Born to missionary parents in West Africa, Ware grew up in northern New Jersey and has been a career educator.

She spent 15 years as a teacher and library specialist in schools in the Garden State and, more recently, on Cape Cod, before taking the job to succeed Julia Colby, the district’s technology coordinator for the last seven years. Colby retired over the summer.

Initially a high school English teacher, Ware spent the last three years as library media specialist and technology specialist in Chatham and Harwich for the Monomoy Regional School District.

Her first order of business in Plymouth will be overseeing the completion of the district’s roll out of laptop computers for every student in the district.

The need for remote learning during the pandemic pushed local schools (as well as most schools in the country) to provide students with their own devices for learning from home.

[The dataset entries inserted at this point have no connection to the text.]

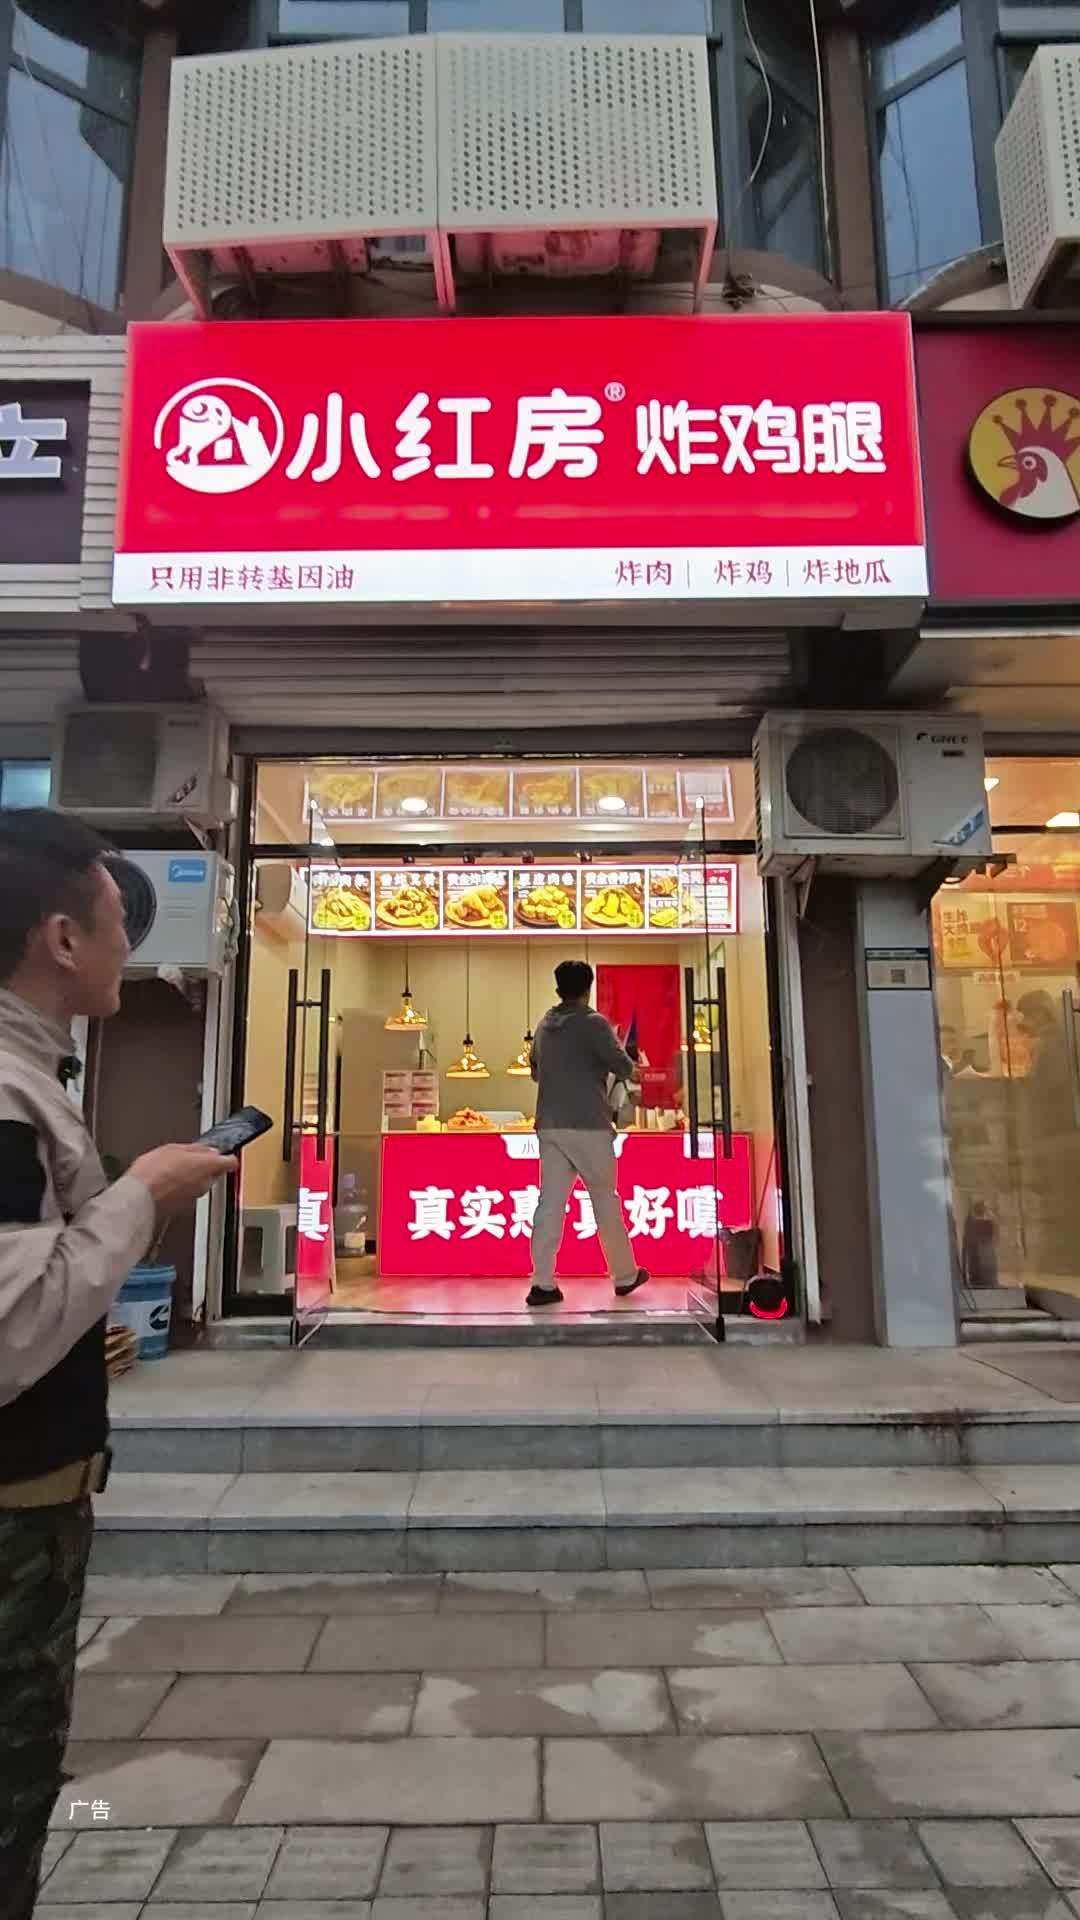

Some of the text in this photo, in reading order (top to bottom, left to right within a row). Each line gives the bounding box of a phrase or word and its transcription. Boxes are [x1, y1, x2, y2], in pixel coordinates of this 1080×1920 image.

[635, 398, 887, 475] 炸鸡腿
[150, 564, 354, 591] 只用非转基因油
[614, 558, 892, 587] 炸肉 炸鸡 炸地瓜
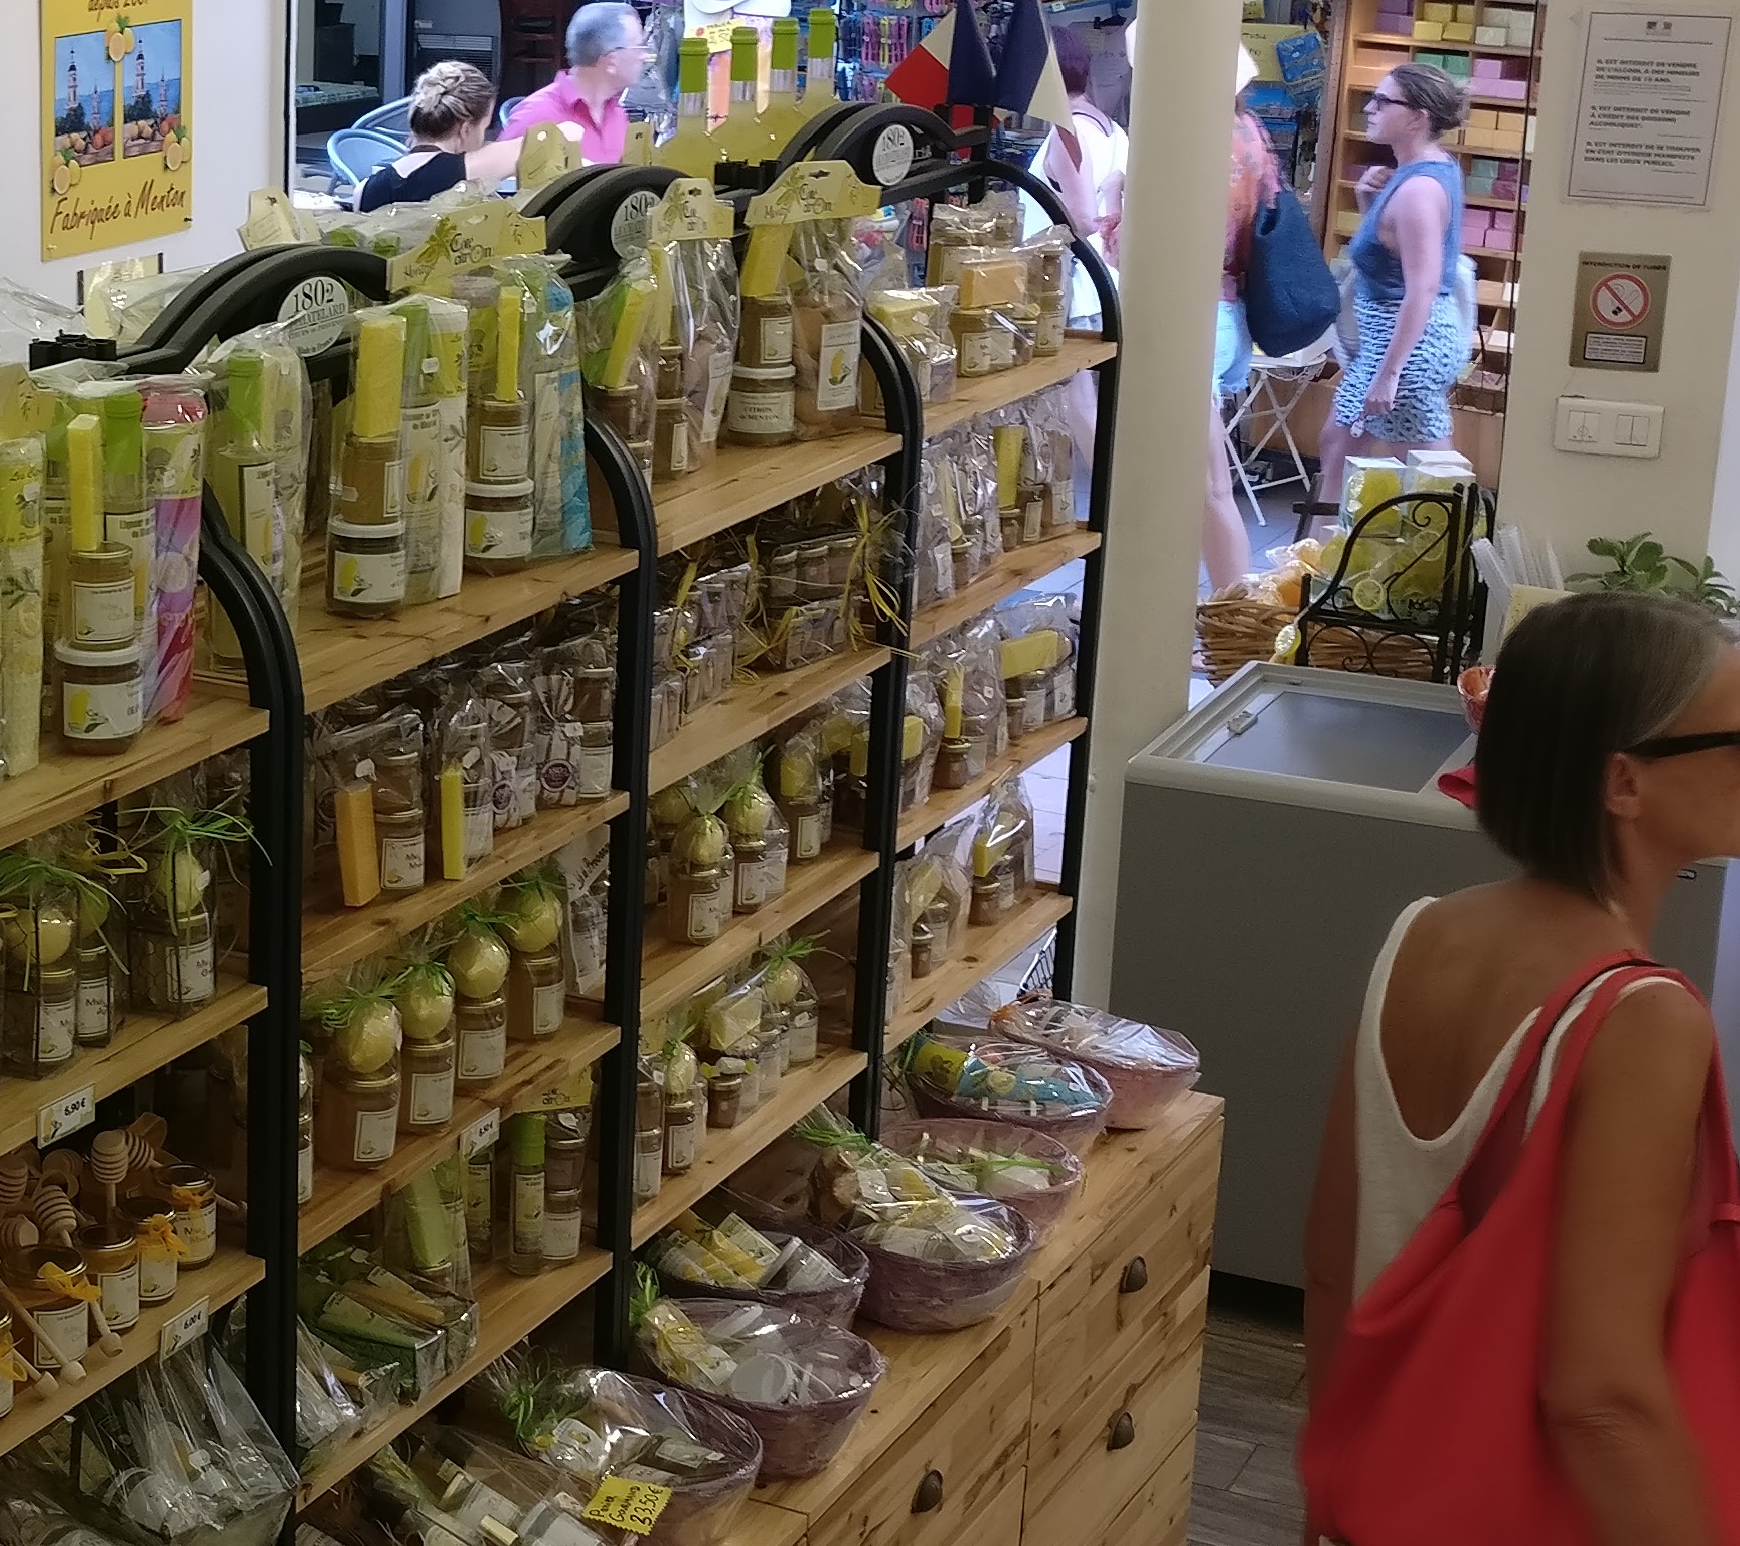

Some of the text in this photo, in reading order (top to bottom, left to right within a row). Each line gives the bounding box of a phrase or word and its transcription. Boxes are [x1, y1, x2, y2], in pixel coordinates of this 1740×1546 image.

[50, 178, 186, 240] Fabriquée à Menton
[293, 280, 334, 313] 1802
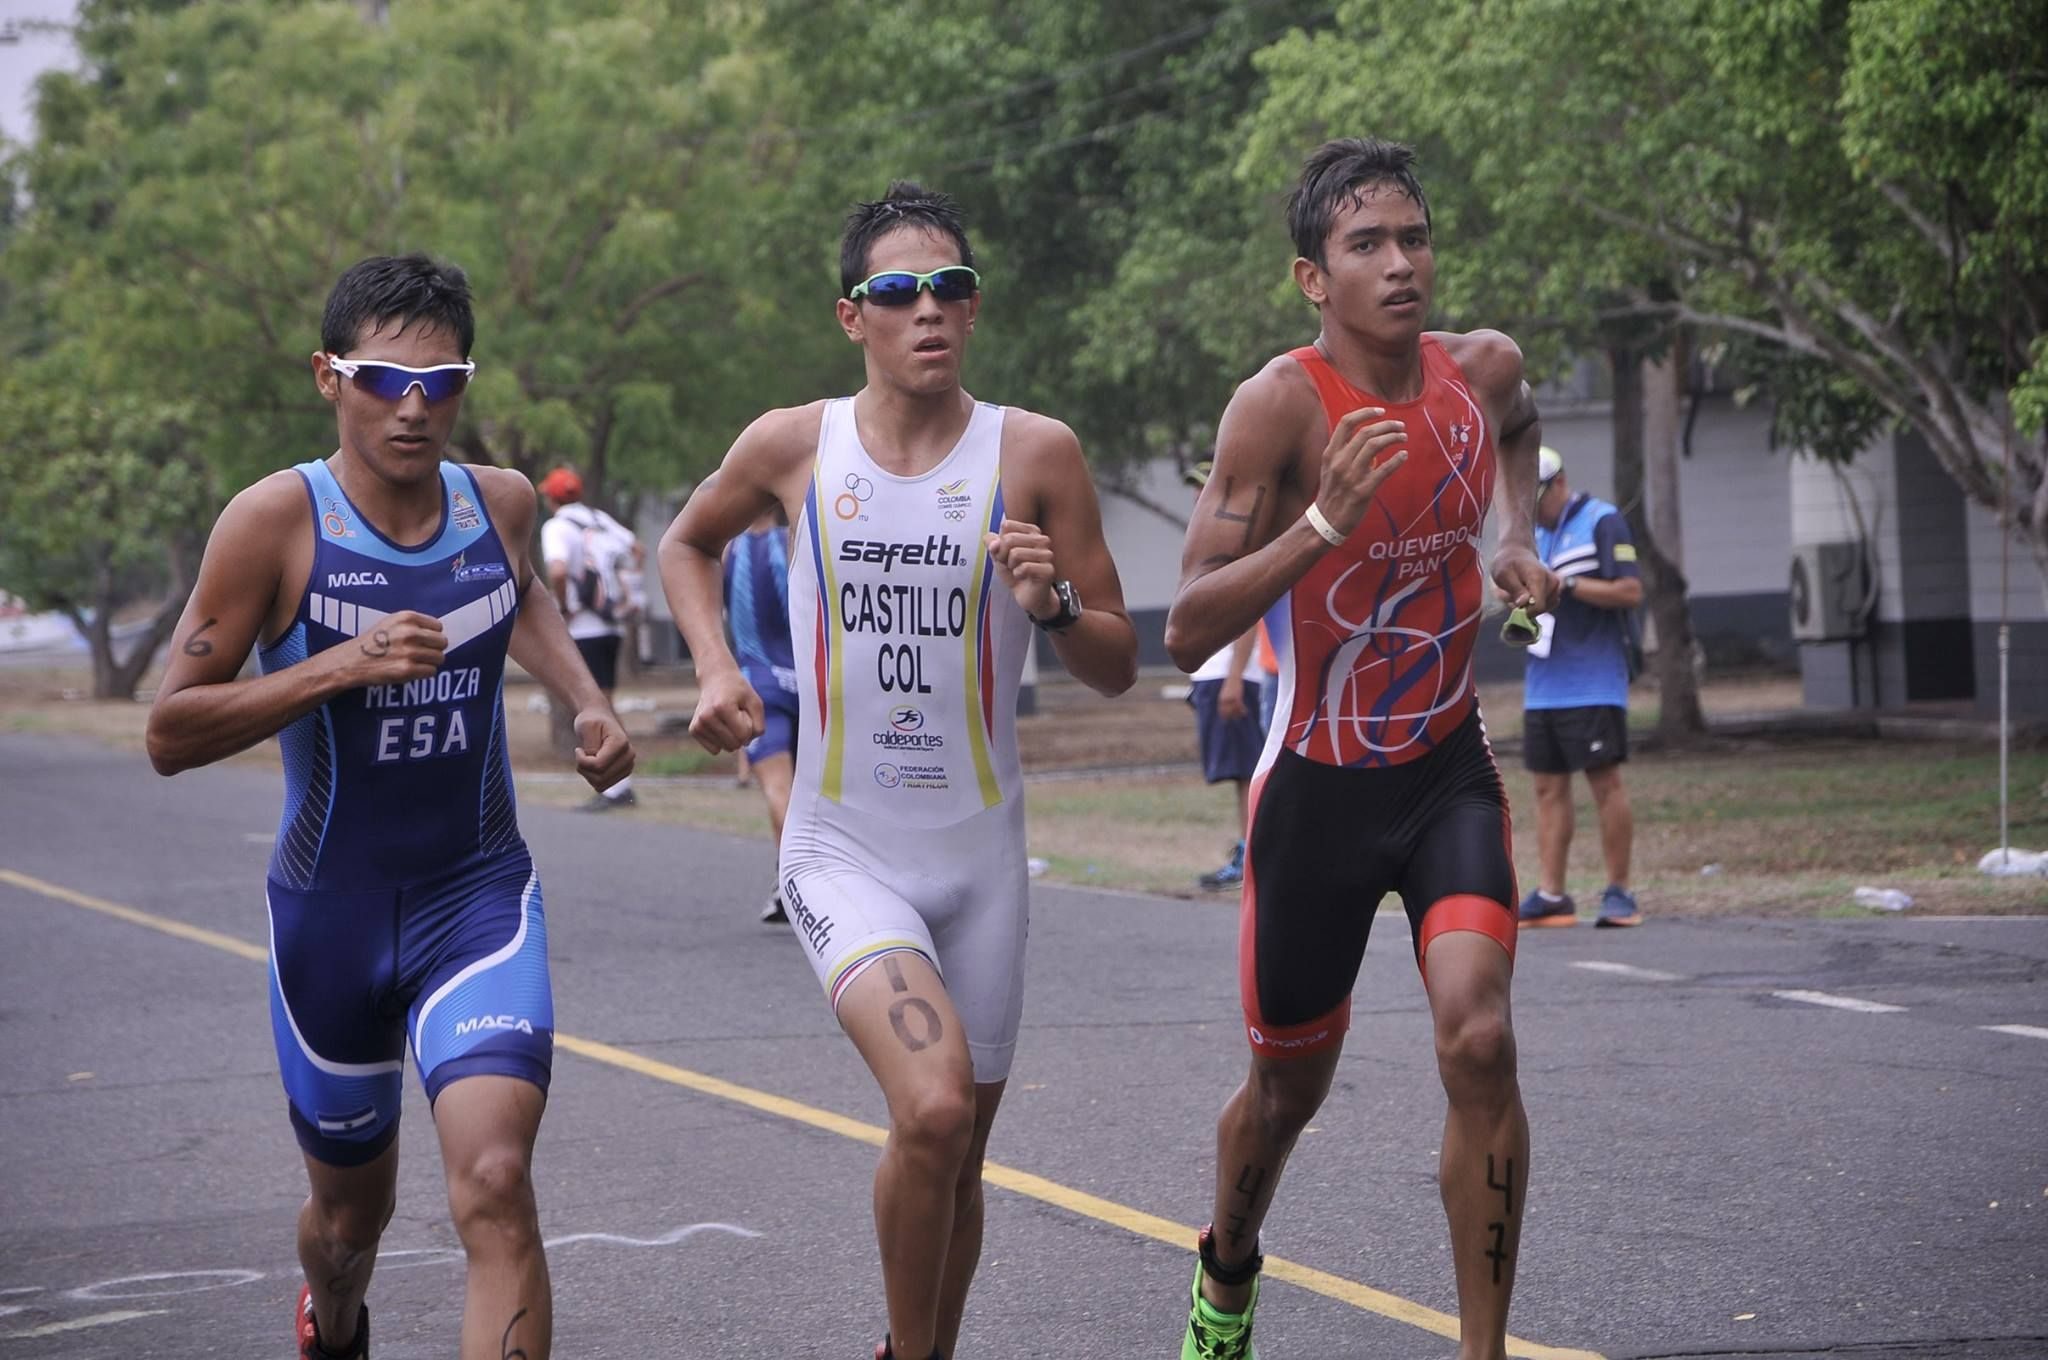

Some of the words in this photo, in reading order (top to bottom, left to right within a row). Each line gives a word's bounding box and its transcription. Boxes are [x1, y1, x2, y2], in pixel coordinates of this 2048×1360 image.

[1369, 525, 1469, 559] QUEVEDO
[327, 572, 389, 588] MACA
[1398, 554, 1441, 580] PAN
[840, 582, 967, 638] CASTILLO
[183, 617, 219, 658] 6
[877, 643, 932, 694] COL
[365, 666, 481, 709] MENDOZA
[377, 709, 468, 762] ESA
[873, 730, 943, 747] coldeportes
[455, 1014, 534, 1036] MACA

In Plymouth, that was accomplished by purchasing thousands of Chromebook computers, but also by allowing older students to use their own devices for schoolwork. That is changing this year as the district finishes distributing its own Chromebooks to each of its 7,318 students,

The school equipment has greater security and safeguards, Ware explained, and allows her and the district to update or add applications and software for all students at the touch of a keyboard.

Katherine Ware is the new technology coordinator for Plymouth Public Schools.

Ware has ambitious plans for what students and teachers do with all that technology.

“Every school district was forced into one-to-one because of COVID and now districts are asking where do we move forward from this?” Ware said. She has been working with a group called New Pedagogies for Deeper Learning that focuses on higher order learning and thinking and on leveraging digital technology to transform learning.





She noted a project she completed with fourth-graders in Chatham as an example. As part of their state fair projects, students typically research a different state in the country and report on what makes it special. It usually includes tri-fold posters and maybe a sampling of favorite foods from the state.

Using technology, Ware was able to challenge the students to look deeper and report to a larger audience.

They identified a problem in the state, reached out to state officials to get their perspective, recorded Zoom interviews and then put it all into a Google slide presentation and published it on the school website. Ware even taught students how to create QR codes so their parents and others could access the projects while taking a photo at the fair.

Ware said she has started to meet with teachers in local elementary schools to look at new ways they use technology in their classrooms. By the end of the year, even kindergartners will be able to teach their parents something they didn’t know about their devices, she said.

“Your kids will be able to use a computer better than you can by the time we’re finished. I have them coding by the end of kindergarten. They can write 75 lines of JavaScript to design a computer game,” Ware said.

Katherine Ware worked as a teacher and a library and technology specialist for 15 years before joining Plymouth schools' as its new technology coordinator.

Ware worked with Colby over the summer to prepare for the new position. She said they think alike in many ways and looking at Colby’s plans was like looking into her own future.

Ware said her vision for local schools is to help students develop skills that will enable them to succeed and thrive in an evolving global society.

For students, it will mean using technology not only as learning tools, but to think in new and deeper ways, to develop new and creative ideas and broaden their learning .They will use technology to think critically about issues and share their thinking with those around them.

Teachers can expect to reflect on their teaching practices and identify how their students learn and share learning in ways that were previously inconceivable.

Ware said parents will begin to see a shift in how their children use technology to leverage digital and think critically, so they are ready for advances in technology as they move beyond the classroom and into the global society.

Ware is married to a teacher. Her husband works as a math specialist in New Bedford schools. They have one daughter, a seventh-grader.